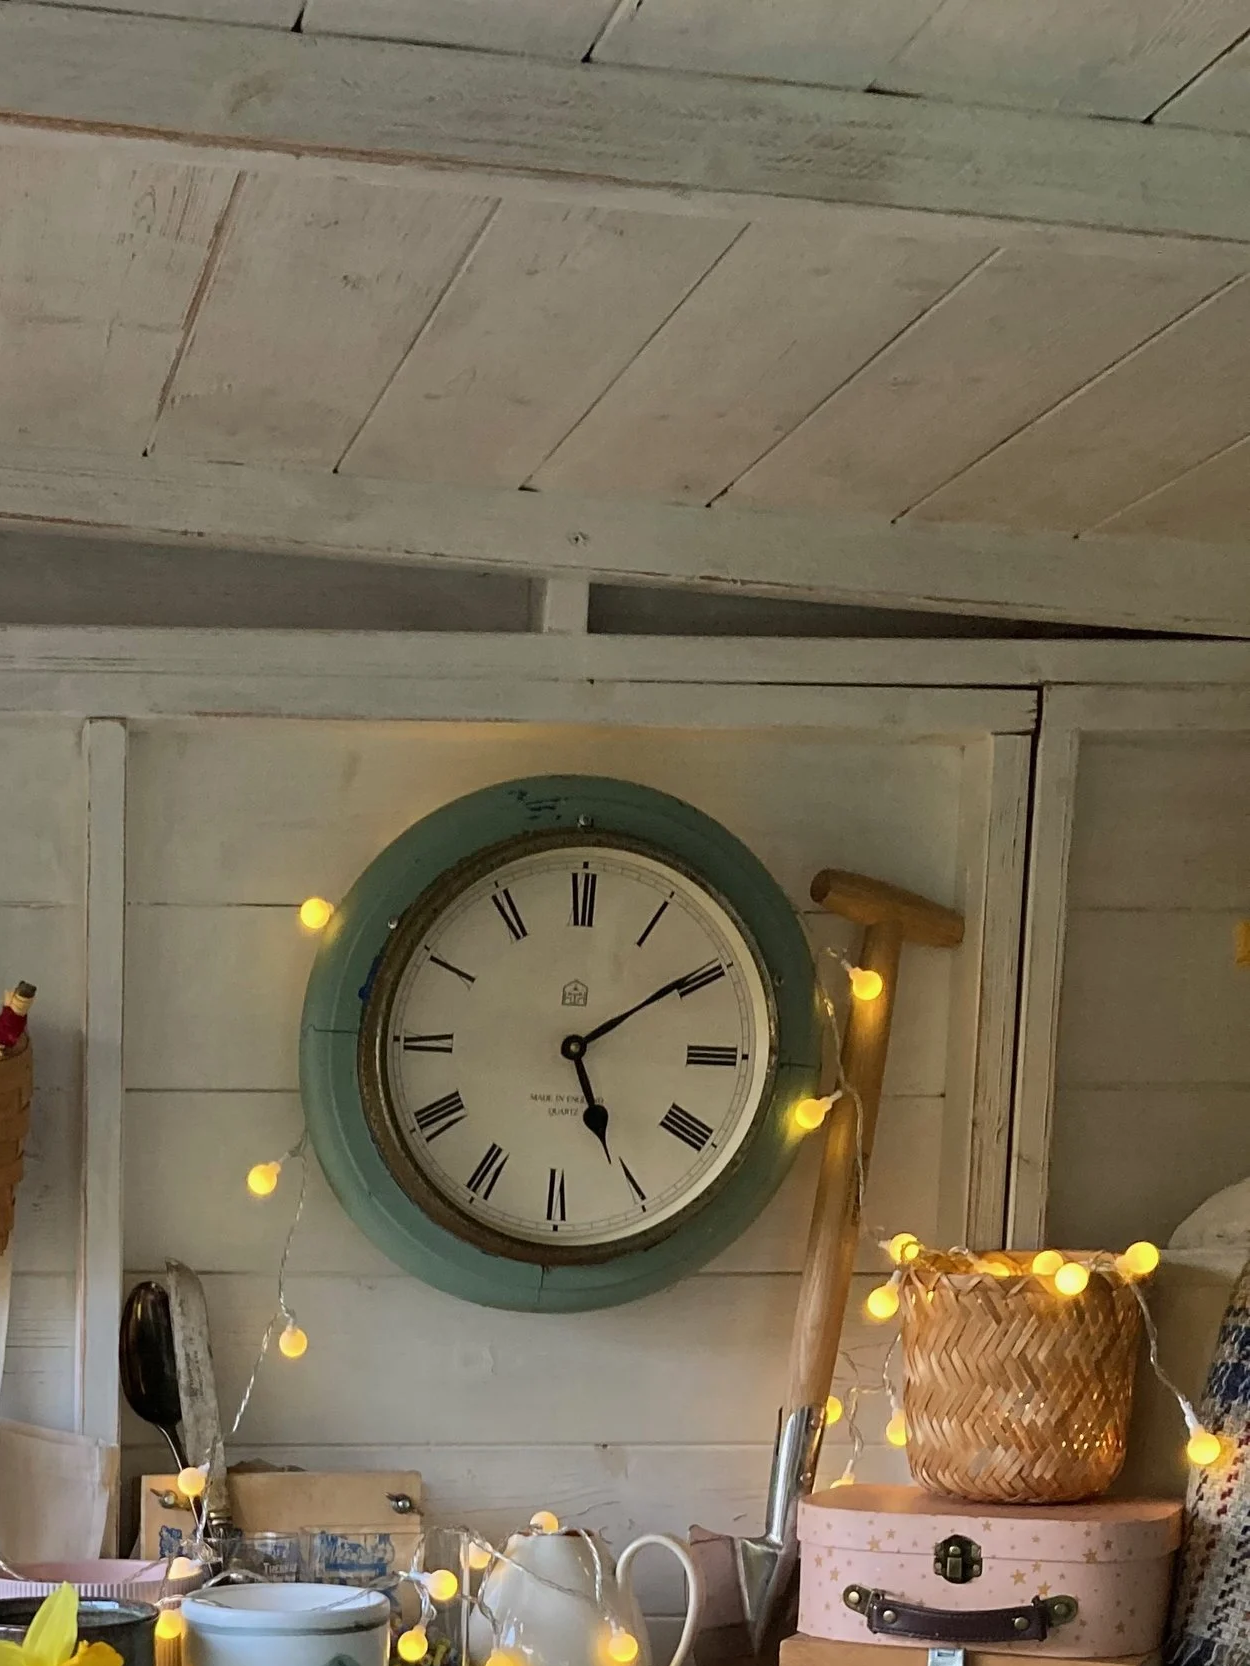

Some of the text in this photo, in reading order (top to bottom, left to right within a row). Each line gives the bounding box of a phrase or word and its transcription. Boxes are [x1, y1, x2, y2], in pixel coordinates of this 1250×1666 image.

[529, 1092, 552, 1102] MADE
[555, 1093, 564, 1103] IN
[548, 1107, 579, 1117] QUARTZ
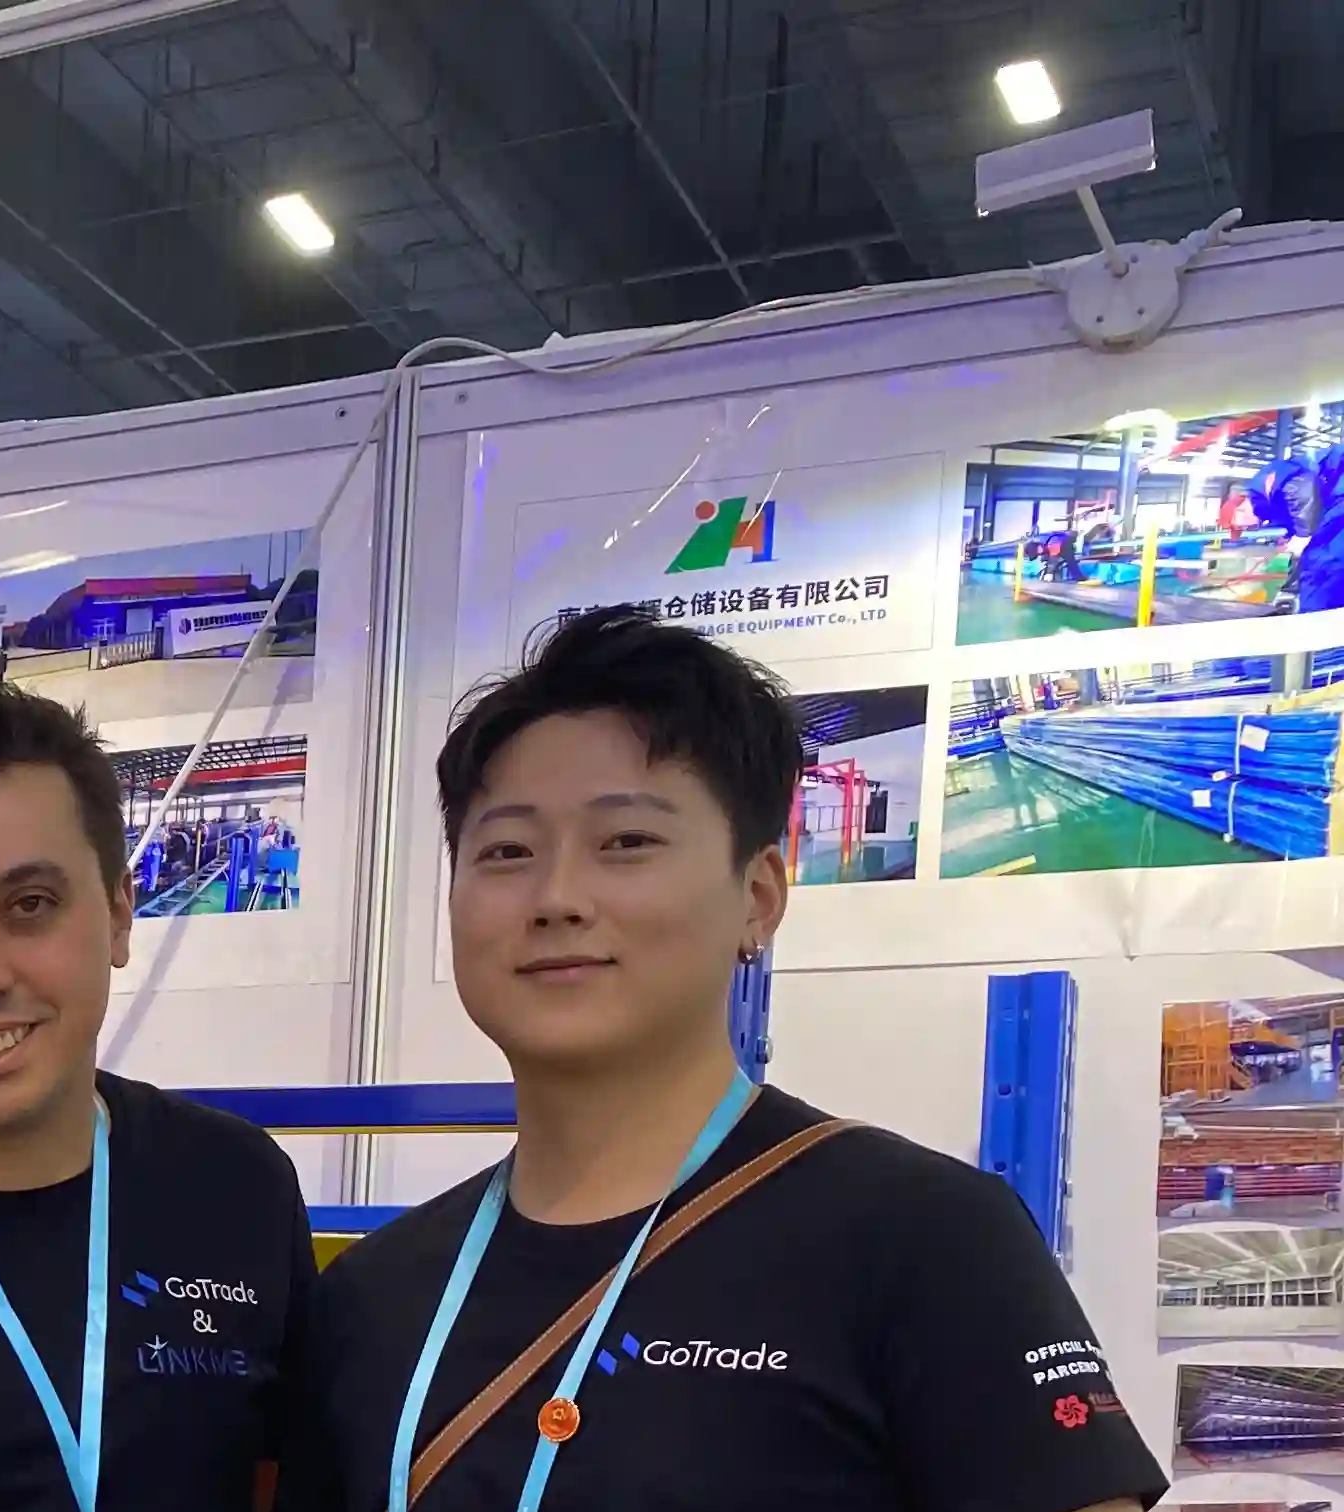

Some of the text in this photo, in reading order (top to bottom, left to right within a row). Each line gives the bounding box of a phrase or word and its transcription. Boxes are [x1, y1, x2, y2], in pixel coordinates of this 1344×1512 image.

[738, 614, 826, 634] EQUIPMENT
[860, 608, 888, 622] LTD
[165, 1276, 258, 1305] GoTrade
[192, 1309, 218, 1333] &
[642, 1340, 789, 1371] GoTrade
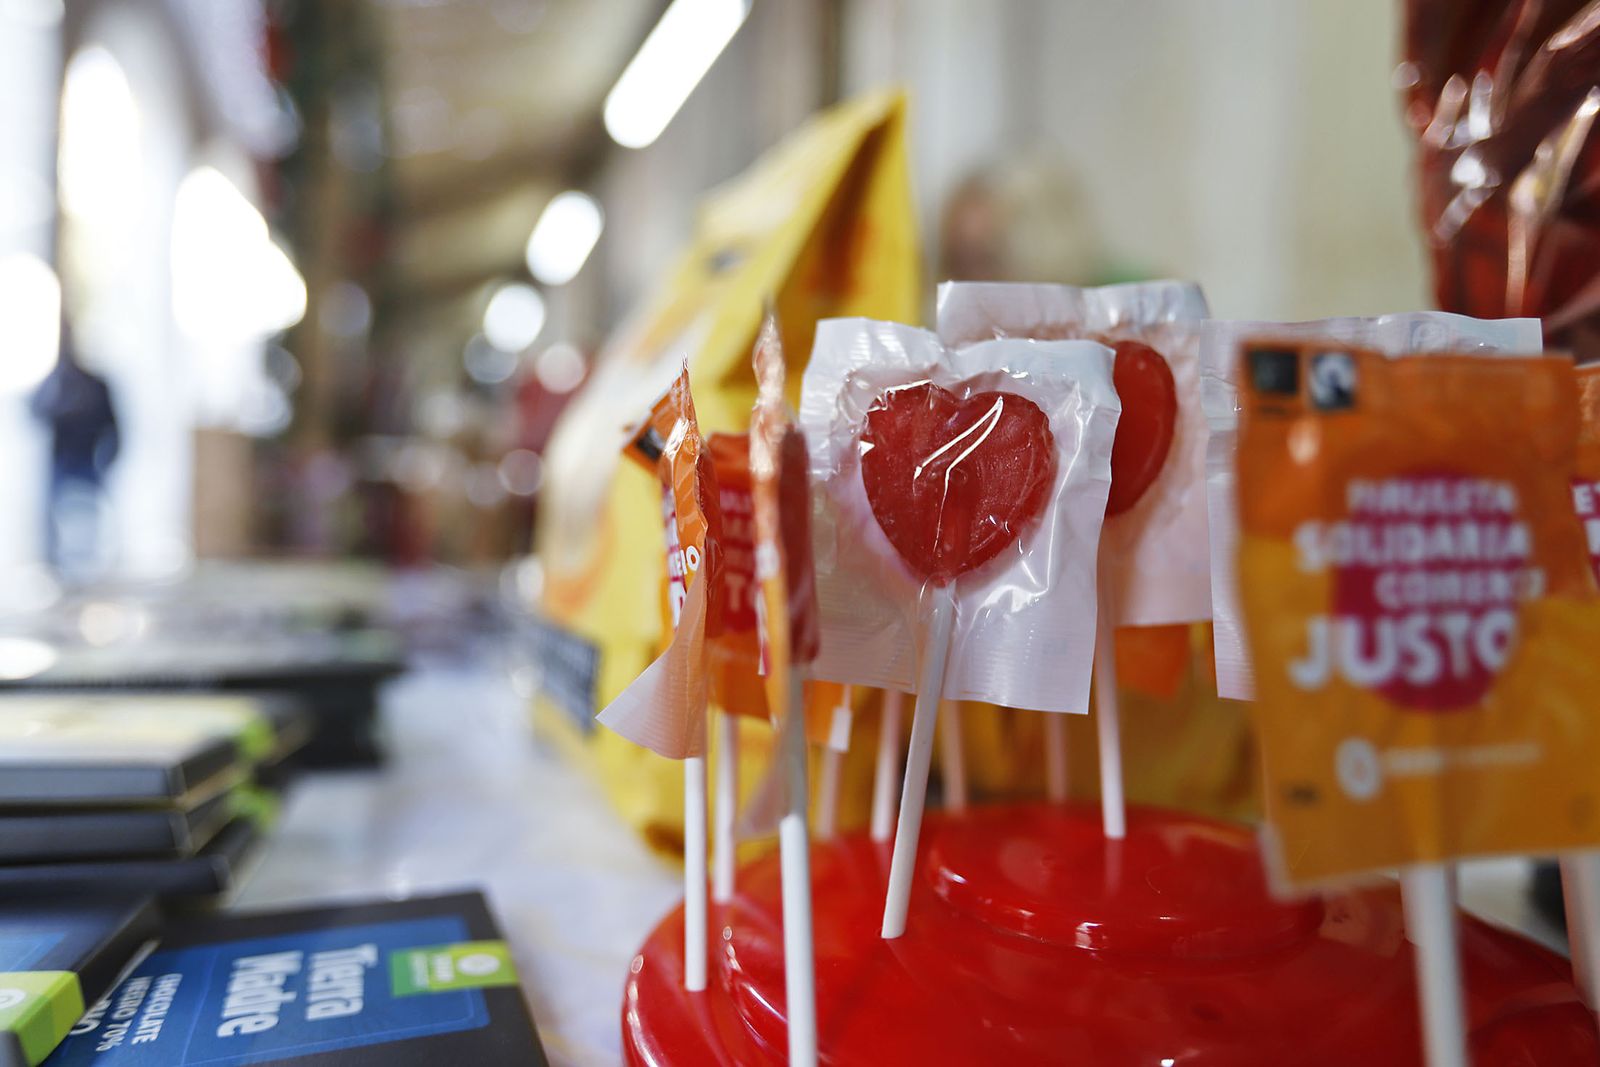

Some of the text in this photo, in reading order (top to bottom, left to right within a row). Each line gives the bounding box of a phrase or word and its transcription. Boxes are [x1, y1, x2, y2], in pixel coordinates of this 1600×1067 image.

[1294, 519, 1533, 572] SOLIDARIA
[1287, 610, 1517, 689] JUSTO
[131, 973, 183, 1045] CHOCOLATE
[216, 950, 304, 1038] Madre
[304, 943, 379, 1021] Tierra
[95, 1019, 133, 1051] 70%

* * *

#### [TASK REQUIREMENTS]
Reproduce all of the entries above word for word, but leave out their pictures.

#### [ANSWER FOR THE TASK]
Some of the text in this photo, in reading order (top to bottom, left to right within a row). Each line gives the bounding box of a phrase or word and its transcription. Boxes are [x1, y1, x2, y2], in pixel coordinates of this 1250×1666 image.

[529, 1092, 552, 1102] MADE
[555, 1093, 564, 1103] IN
[548, 1107, 579, 1117] QUARTZ

Some of the text in this photo, in reading order (top to bottom, left to right within a row). Each line gives the bounding box of a phrase or word and its transcription. Boxes are [x1, y1, x2, y2], in pixel coordinates of this 1344×1512 image.

[738, 614, 826, 634] EQUIPMENT
[860, 608, 888, 622] LTD
[165, 1276, 258, 1305] GoTrade
[192, 1309, 218, 1333] &
[642, 1340, 789, 1371] GoTrade

Some of the text in this photo, in reading order (top to bottom, left to right within a row). Each line gives the bounding box of a phrase or word and its transcription. Boxes are [x1, y1, x2, y2], in pixel coordinates of this 1600×1067 image.

[1294, 519, 1533, 572] SOLIDARIA
[1287, 610, 1517, 689] JUSTO
[131, 973, 183, 1045] CHOCOLATE
[216, 950, 304, 1038] Madre
[304, 943, 379, 1021] Tierra
[95, 1019, 133, 1051] 70%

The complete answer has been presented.